Denny’s CEO John Miller retires later this year after more than a decade. Who’s up for the challenge of reviving casual dining?
Denny’s CEO John Miller retires amidst growing restaurant exodus. Earlier this month, Denny’s (DENN) announced that CEO John Miller will retire later this year. A replacement search is underway. Miller’s exit marks yet another major restaurant CEO change in recent months, including Wingstop (WING), El Pollo Loco (LOCO) Darden Restaurants (DRI), and Starbucks (SBUX). The executive changes may be a reflection of growing confidence in the restaurant market’s stability as we near the end of a global pandemic. Denny’s has done well under Miller. DENN stock price is up 237% since he took the helm, with EBITDA and FCF metrics outperforming peers.
CEO Scorecard: DENN has performed well with Miller at the helm
Miller was quick to adapt and stabilize the business. Denny’s manages one of the largest franchised full-service restaurant chains in the U.S., with ~ 1,640 locations (domestic and international). Like most casual food chains, Denny’s was hit by dining room closures and restrictions at the beginning of the pandemic. Miller was quick to adapt, rolling out two virtual brands– The Burger Den and The Melt Down. The company also announced a partnership to offer deliver from ghost kitchens in urban markets where company was underpenetrated. Miller’s smart investment in digital more than doubled the company’s weekly off-premise restaurant sales. At the same time, DENN’s footprint expansion through its ghost kitchens was done at substantially lower cost compared to brick-and-mortar stores.
Executive Compensation: some concern. Miller was paid $6.4M in 2021, above the comparable pay-to-total shareholder return (TSR) ratio. Director compensation has also trended above peers and relative to TSR. Shareholders voted 95% in favor of the executive compensation plan last year.
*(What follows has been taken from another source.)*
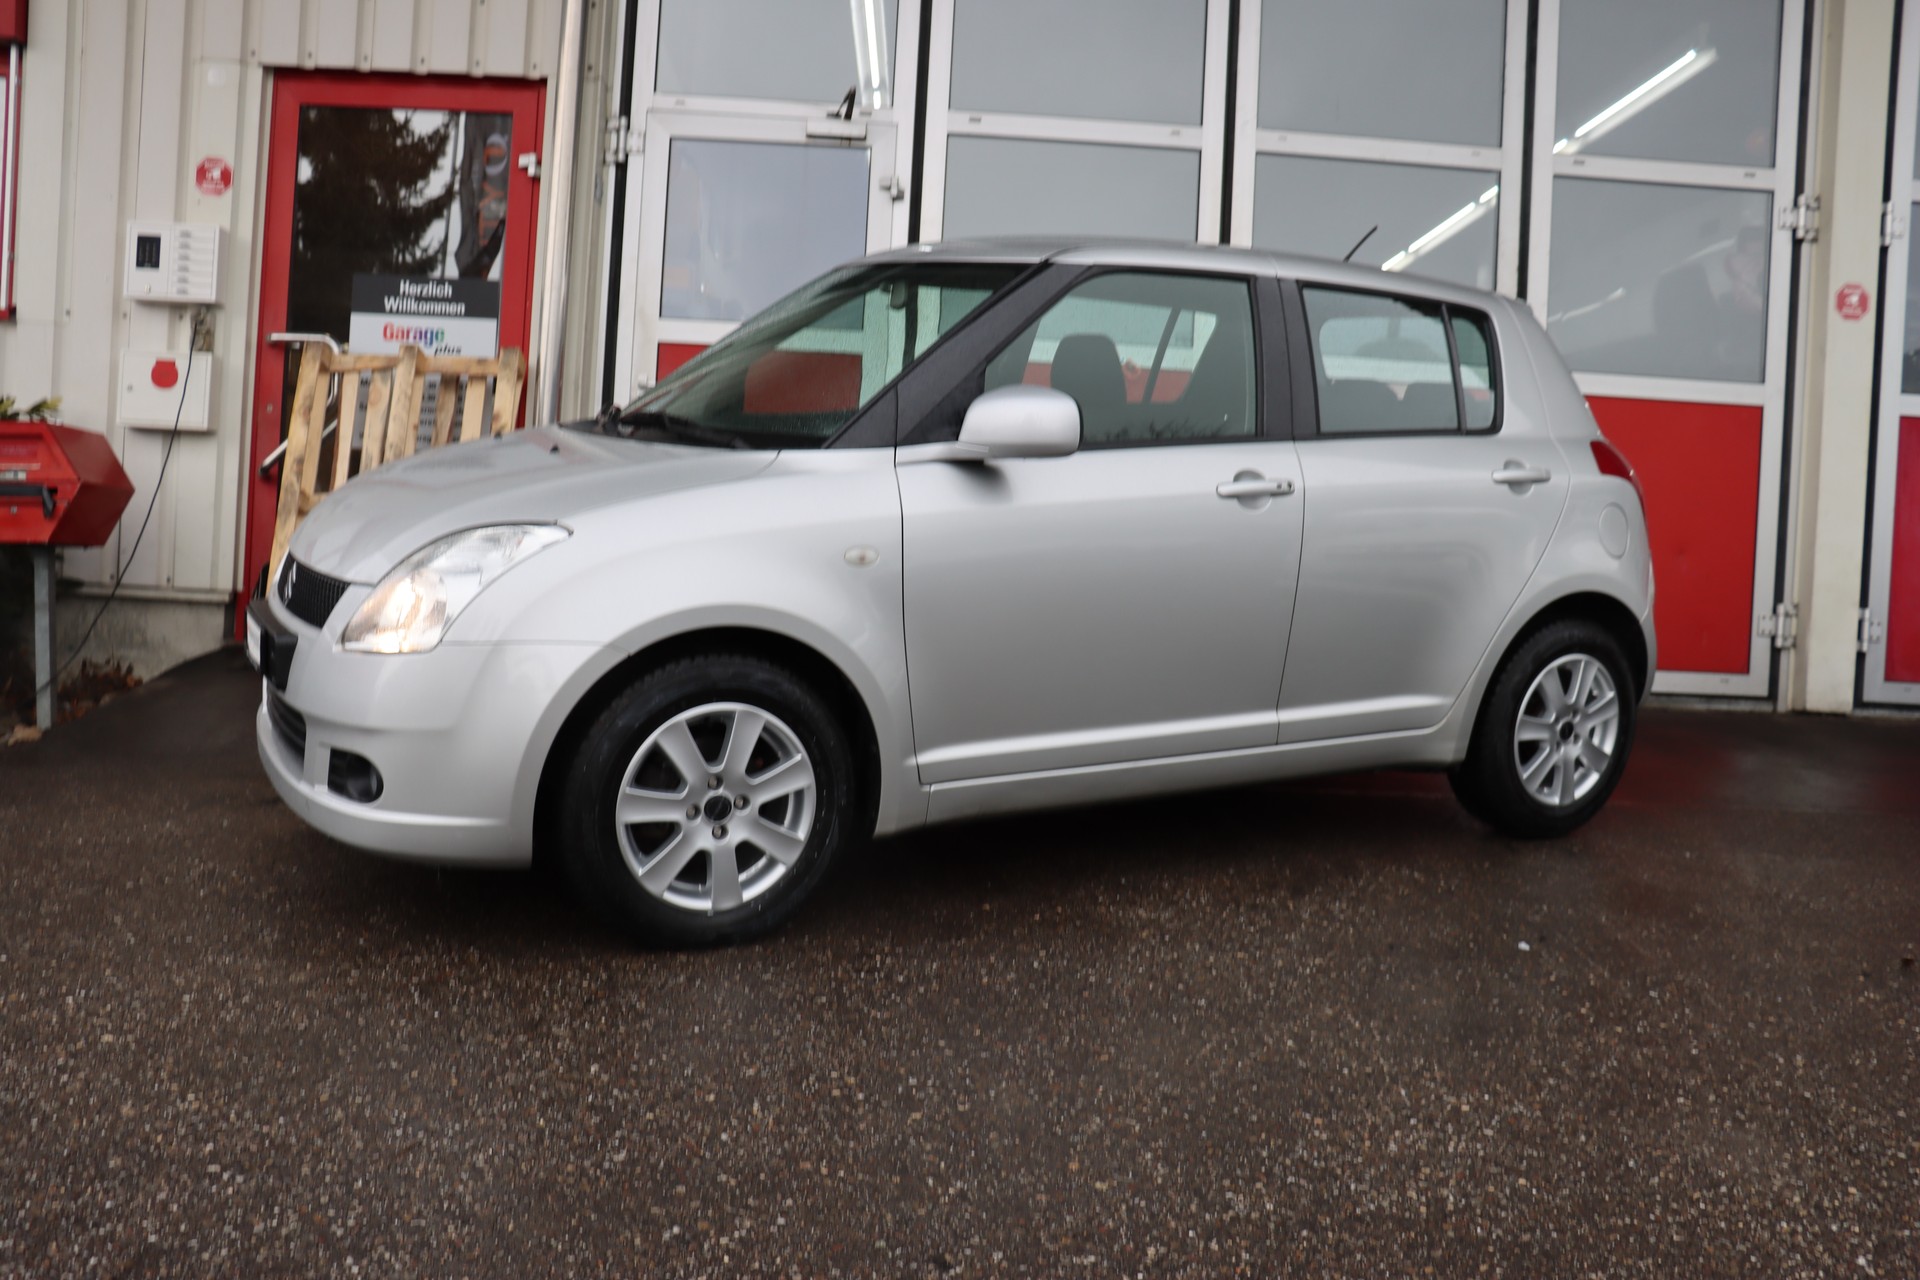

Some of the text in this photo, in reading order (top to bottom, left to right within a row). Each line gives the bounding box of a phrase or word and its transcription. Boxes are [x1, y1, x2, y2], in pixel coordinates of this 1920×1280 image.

[400, 279, 452, 299] Herzlich
[384, 295, 465, 316] Willkommen
[382, 321, 445, 348] Garage
[434, 345, 462, 357] plus
An affordable dining option facing inflationary cost pressures. By now its no secret that the entire food service industry is facing a combination of supply chain disruptions and inflationary cost pressures. A tight labor market has also pressured margins. DENN stock has declined 18% year-to-date, slightly below a 12% decline for the S&P500 over the same period.
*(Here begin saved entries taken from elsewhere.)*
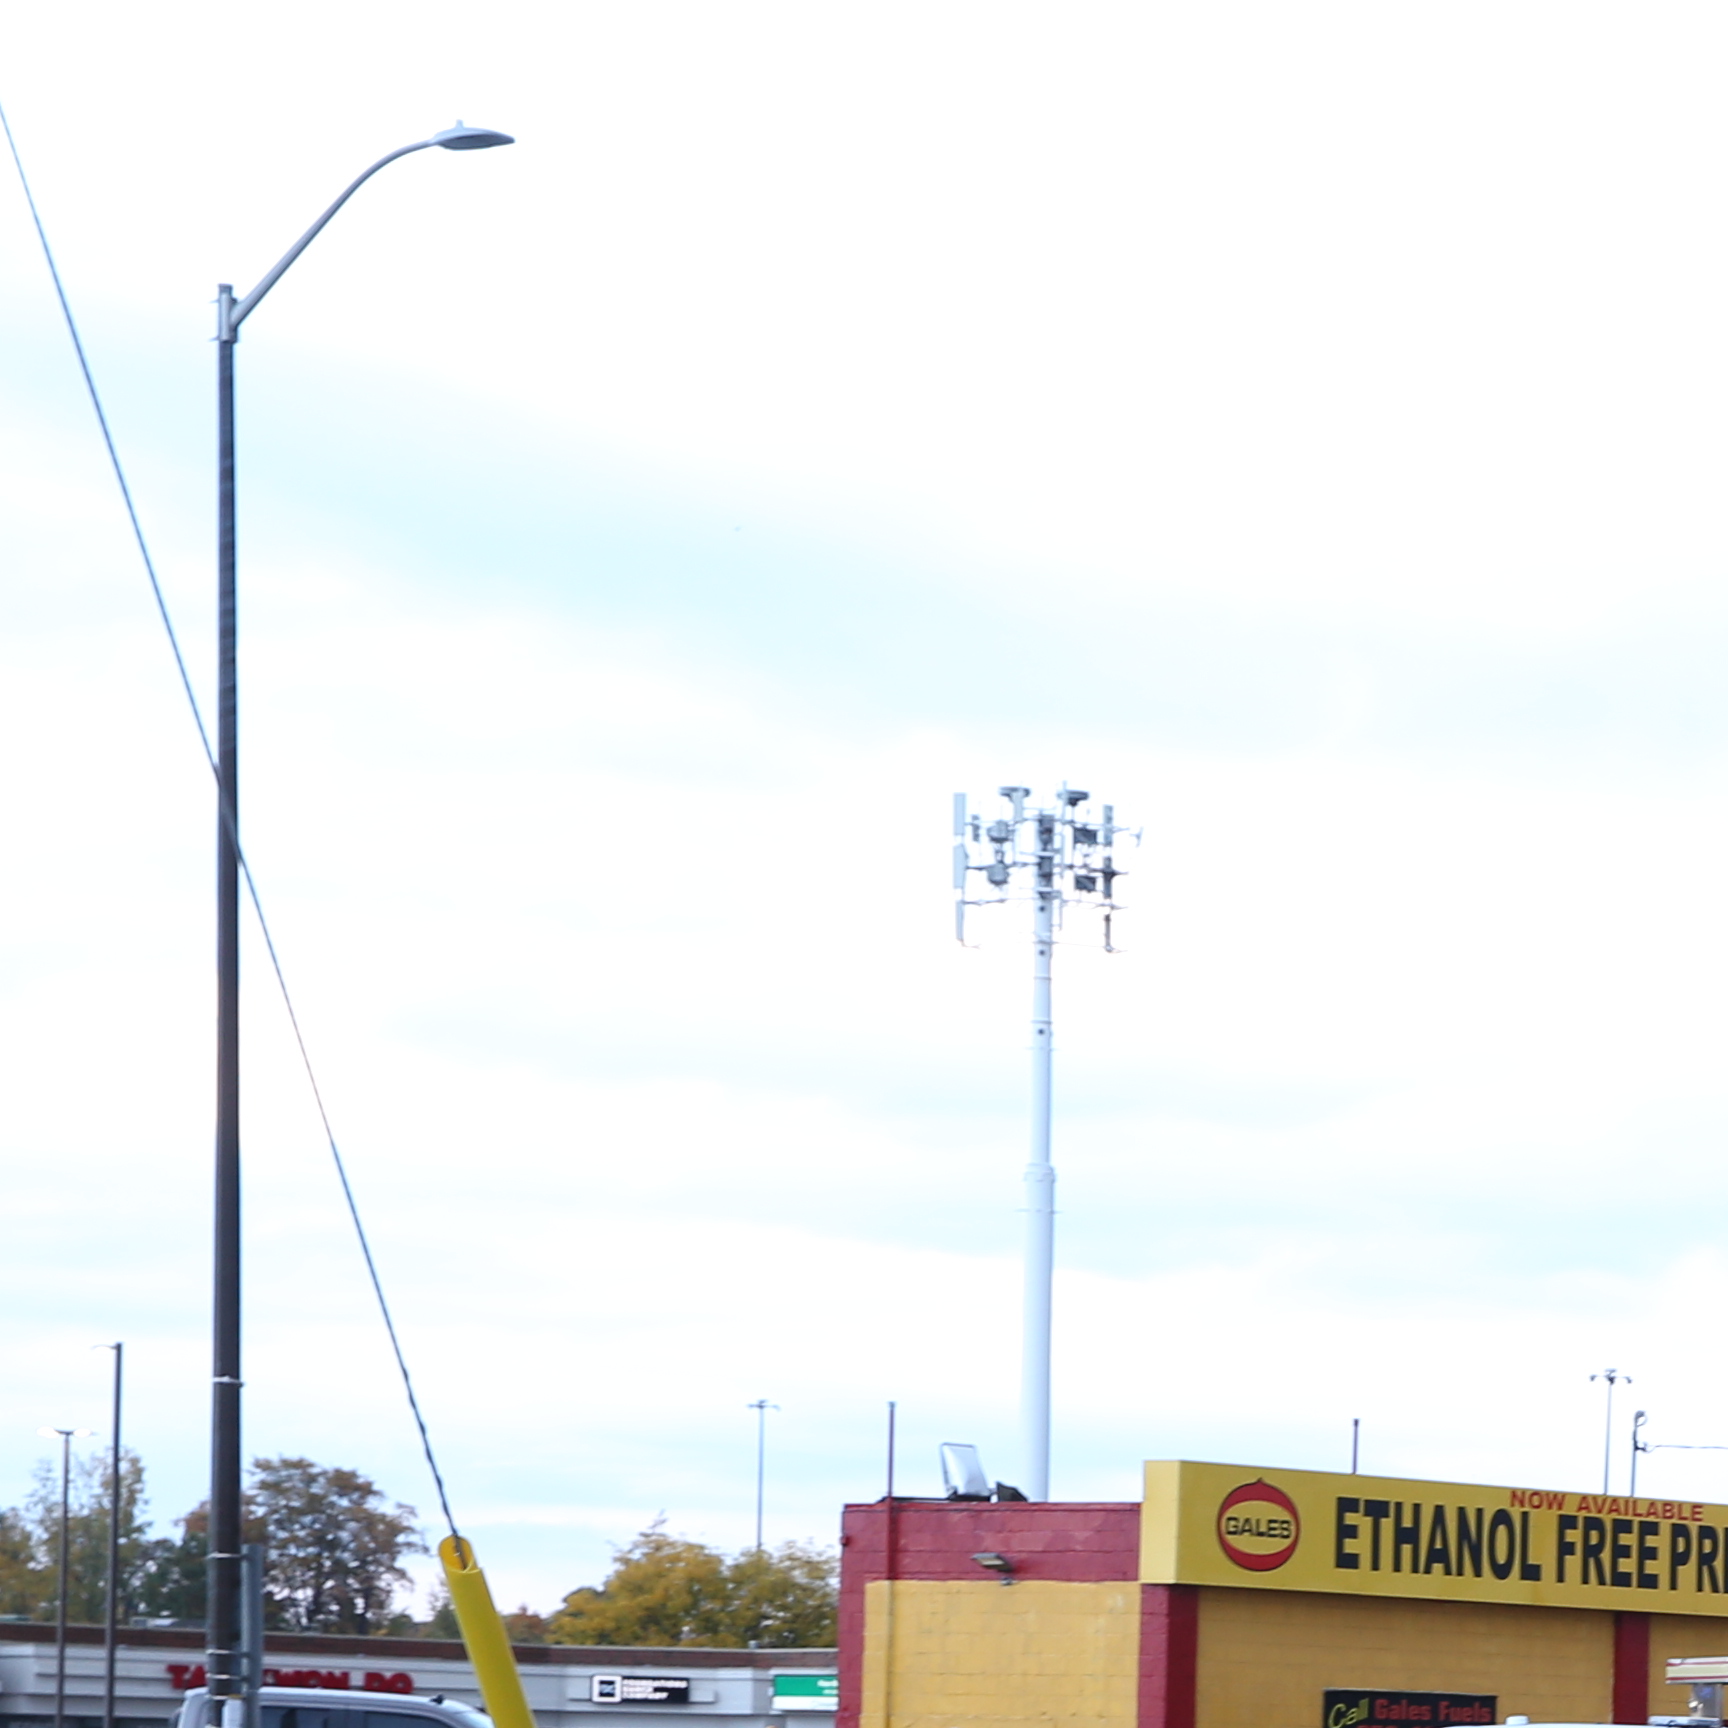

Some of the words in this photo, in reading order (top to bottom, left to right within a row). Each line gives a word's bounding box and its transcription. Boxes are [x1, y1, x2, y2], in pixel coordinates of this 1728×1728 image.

[1510, 1489, 1566, 1511] NOW
[1577, 1495, 1704, 1521] AVAILABLE
[1225, 1516, 1292, 1539] GALES
[1335, 1496, 1541, 1582] ETHANOL
[1556, 1513, 1660, 1589] FREE
[166, 1664, 208, 1689] TA
[363, 1671, 414, 1694] DO
[1374, 1699, 1432, 1720] Gales
[1438, 1701, 1492, 1722] Fuels
DENN stock: Shares have been volatile amidst broader sell-off, despite positive outlook
Revenue leverage should abate cost pressures; margins should improve this quarter. For FQ1, consensus estimates call for $0.13 on sales of $102 million. We think there could be upside to these numbers on the heels of increased dine-in and off-premise sales. Also of note: margins, which were heavily impacted by one-time items in Q4 should see sequential improvement this quarter. Q4 operating margins were 17.7% ex-one-time items. DENN’s franchise and license revenues have improved substantially, allowing the company to absorb some of the inflationary pressures (commodities and labor) and expand margins. In Q4, DENN opened 7 new franchisee-operated restaurants, and closed 14. DENN’s kitchen modernization and digital transformation efforts should also bear fruit over the next few quarters. DENN also raised menu prices by 2% last quarter, and indicated that a few more price increases could be implemented this year. An employee overtime and training budge is also expected to translate to 50bps-100bps in margin. Change sin menu mix and waste management an also provide incremental leverage.
DENN: Board Diversity & Inclusion Snapshot
DENN Insider trading activity: Not much action
New CEO will need to drive comparable store sales growth. DENN’s biggest growth lever is comparable store sales growth, which for now, remains below the mid-single digits. The company plans to accelerate its footprint development, and expects to expand the number of restaurants in the double-digits on a year-over-year basis. Comparable store sales growth will be driven by menu innovation, loyalty program, and convenience.
DENN reports F1Q earnings next Tuesday; shares look attractive with margin leverage ahead. DENN shares look attractive here at 12x EBITDA, at the low end of peers. Cracker Barrel Old Country Store (CBRL), Ruth Hospitality Group (RUTH) and BJ’s Restaurants (BJR) trade in a range of 12x to 14x EBITDA. We think the company is set up well into the print considering the easing of COVID restrictions coupled with a busy summer travel season. While margins remain a watch point, DENN should benefit from the next phase of post-pandemic recovery and improving operating conditions. We think there is upside to consensus estimates as Denny’s raises prices to balance some of its cost pressures. New initiatives, including cloud kitchens, restaurant remodels, and updated menu offerings, should also bear fruit over the next few quarters.